An even scarier prospect for the small country, squeezed between Ukraine and Romania: The West is seeking to turn it into a springboard for its ‘proxy war’ against Russia as it attempts to ‘encircle’ Russia. Or at least this is what pro-Kremlin narratives would have you believe. This, in turn, could trigger a regional escalation and Moldova’s ‘self-annihilation’ similar to Ukraine’s case. You read that right – in the Kremlin’s twisted worldview Ukraine forced Russia to launch a full-scale invasion in February 2022. Now, the West is trying to turn Moldova into ‘a second Ukraine’.

The signature on 21 May in Brussels of a Security and Defence Partnership between the EU and Moldova triggered another line of narratives concerning the EU’s supposedly nefarious designs. The Pact was taken as evidence that Moldova was being prepared for a possible war against Russia in Transnistria, given that the EU is allegedly already in a state of undeclared war with Russia through its sanctions policy and support for Ukraine. European countries will help the ‘Sandu regime’ rob the country and suppress freedom of speech, and set it on course for a military adventure, just as they did in Ukraine.

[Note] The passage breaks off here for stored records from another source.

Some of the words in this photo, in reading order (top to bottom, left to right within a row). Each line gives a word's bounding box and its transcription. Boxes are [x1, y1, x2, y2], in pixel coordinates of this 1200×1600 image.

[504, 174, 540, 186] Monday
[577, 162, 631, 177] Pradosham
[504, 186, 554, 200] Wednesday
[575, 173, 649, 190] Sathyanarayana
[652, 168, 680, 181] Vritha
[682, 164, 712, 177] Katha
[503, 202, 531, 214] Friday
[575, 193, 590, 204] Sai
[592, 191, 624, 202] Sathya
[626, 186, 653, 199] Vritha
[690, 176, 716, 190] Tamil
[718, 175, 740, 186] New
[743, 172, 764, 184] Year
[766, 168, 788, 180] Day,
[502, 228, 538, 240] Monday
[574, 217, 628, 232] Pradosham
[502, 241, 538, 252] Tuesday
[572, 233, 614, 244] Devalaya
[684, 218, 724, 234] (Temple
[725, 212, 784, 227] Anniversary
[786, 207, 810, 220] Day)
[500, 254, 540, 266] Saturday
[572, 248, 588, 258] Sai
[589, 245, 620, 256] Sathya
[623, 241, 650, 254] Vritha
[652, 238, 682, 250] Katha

Previously, President Sandu had been accused of preparing her country for war with Russia – a war in which Moldova would be supported by NATO in the same way that Ukraine is being supported by the West. That is because, according to disinformation outlets, Sandu, like Volodymyr Zelenskyy, acts in the interests of the United States and the collective West – not of Moldova or Ukraine.

A fake accession process?

Another line taken by pro-Kremlin outlets is that Moldova’s EU accession process – just like that of Ukraine – is fake since the country stands no chance of meeting the conditions for joining any time soon. This, the Kremlin claims, is primarily due to the ‘thieving government’ with its allegedly rampant corruption, deeply uninterested in the reforms necessary for a true European future. As a result, the accession talks will drag on for ‘decades’ or ‘forever’. Brussels is aware of this, but it does not care, because the whole accession process is purely make-believe.

Of course, no-one has a crystal ball to divine the future, least of all the Kremlin, but while EU accession path is sure to arduous, EU enlargement is by no means a ‘make-believe’. Just ask any of the 13 nations that have walked that same path to join the EU in past two decades.

Denial of agency

In many of these narratives, ‘the West’ is behind everything Moldova does or doesn’t do: the country itself and its citizens have little to no agency. In fact, in case you didn’t know, the EU has already begun the ‘annexation’ of Ukraine and Moldova. (In another version of the same claim, Moldova’s EU accession is a covert operation for its annexation by Romania.)

In line with this denial of agency, we are also told that the West’s ‘puppet’ in Moldova, Maia Sandu, has turned the country into a ‘stronghold of Russophobia’. This ties in neatly with earlier disinformation cases claiming that Moldova gets rid of everything Russian, that President Sandu is attempting to forcibly ‘Romanise’ almost all spheres of life in Moldova, and that Moldova has lost its sovereignty and is now ruled by foreigners. Sure, the Kremlin likes to tell tall tales about the long arm of the West and decry the ‘lost sovereignty’ every time an independent nation in Russia’s self-perceived, Cold War-style ‘sphere of influence’ exercises its inalienable right of charting its own democratic future. But the people of Moldova have already shown their mettle, their commitment to a European future recognized by the EU, and now, at this crucial junction will make their own informed and independent choices and not be deceived by the Kremlin.